Prompt
Output all records exactly, with no images.

Annotated photo localization data
* * *
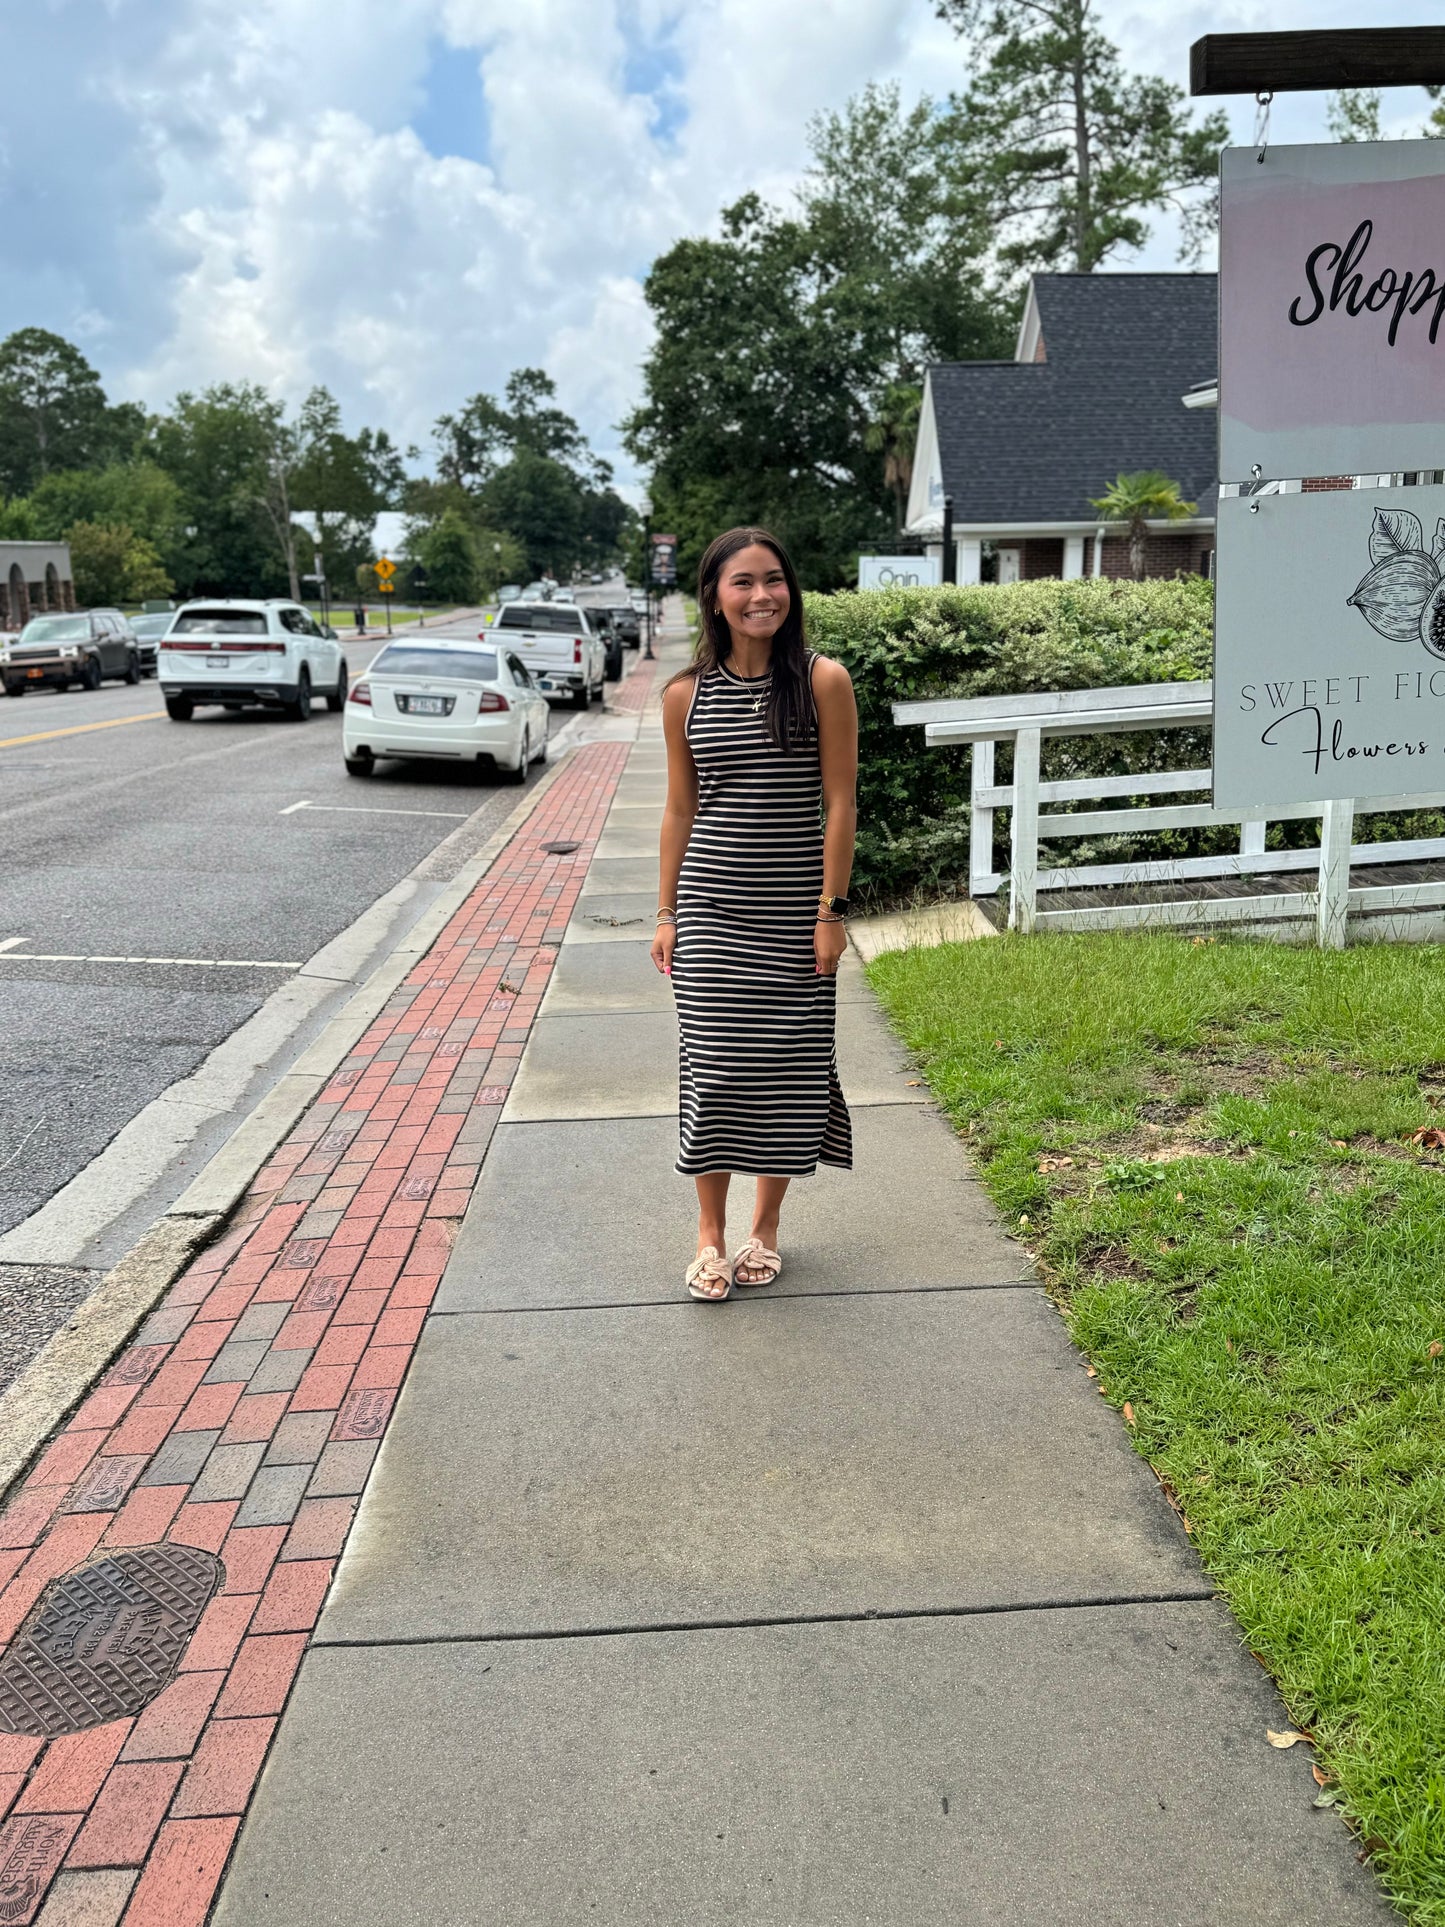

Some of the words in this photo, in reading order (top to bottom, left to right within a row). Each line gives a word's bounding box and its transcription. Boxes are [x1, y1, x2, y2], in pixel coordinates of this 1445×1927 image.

[1239, 675, 1370, 712] SWEET
[1261, 706, 1429, 775] Flowers
[49, 1607, 104, 1664] METER
[93, 1624, 111, 1638] 22
[106, 1610, 139, 1654] PATENTED
[118, 1604, 163, 1656] WATER
[1, 1820, 48, 1884] Augusta
[25, 1828, 65, 1873] North
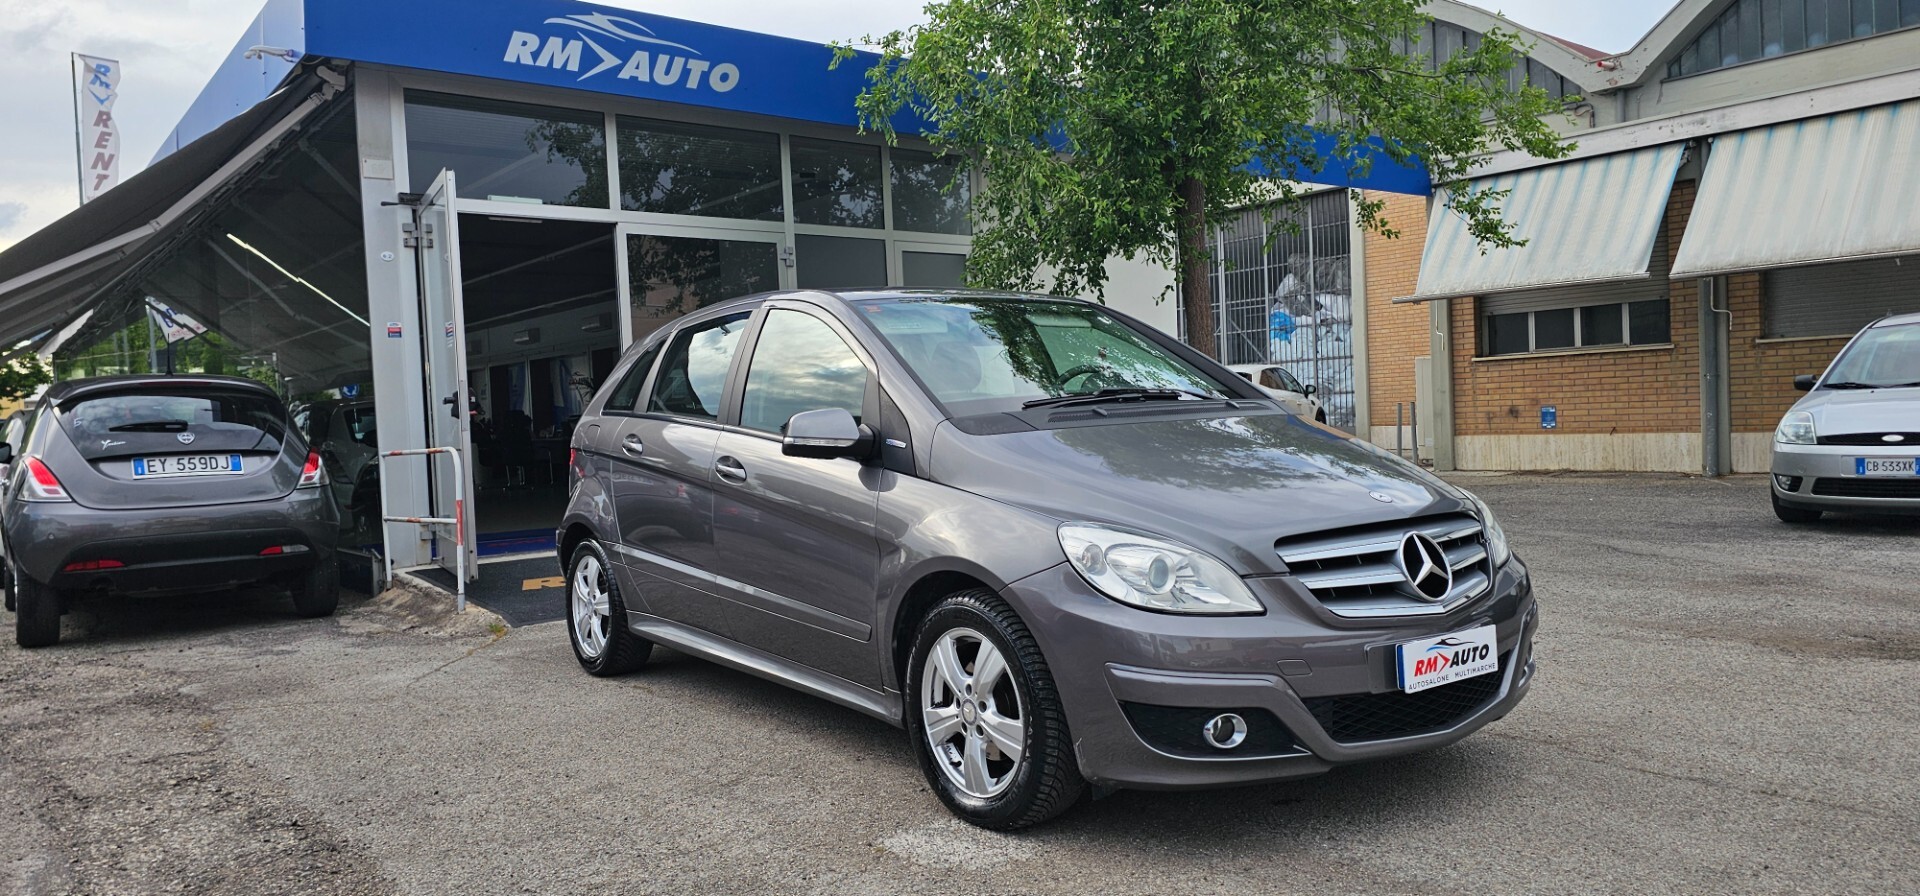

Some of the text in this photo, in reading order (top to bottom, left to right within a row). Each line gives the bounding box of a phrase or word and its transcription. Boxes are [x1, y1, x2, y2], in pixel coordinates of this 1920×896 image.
* * *
Task solution
Some of the words in this photo, in reading order (top to bottom, left to right within a row). Each line gives a word's bounding box and its transcription. Boxes are [x1, y1, x2, y2], in pixel coordinates of this 1445×1927 image.

[1239, 675, 1370, 712] SWEET
[1261, 706, 1429, 775] Flowers
[49, 1607, 104, 1664] METER
[93, 1624, 111, 1638] 22
[106, 1610, 139, 1654] PATENTED
[118, 1604, 163, 1656] WATER
[1, 1820, 48, 1884] Augusta
[25, 1828, 65, 1873] North

Some of the text in this photo, in reading order (top to bottom, left to right within a row). Each line gives the bounding box of a phrase or word and its transcription. Boxes are [x1, y1, x2, y2], in pixel coordinates of this 1920×896 image.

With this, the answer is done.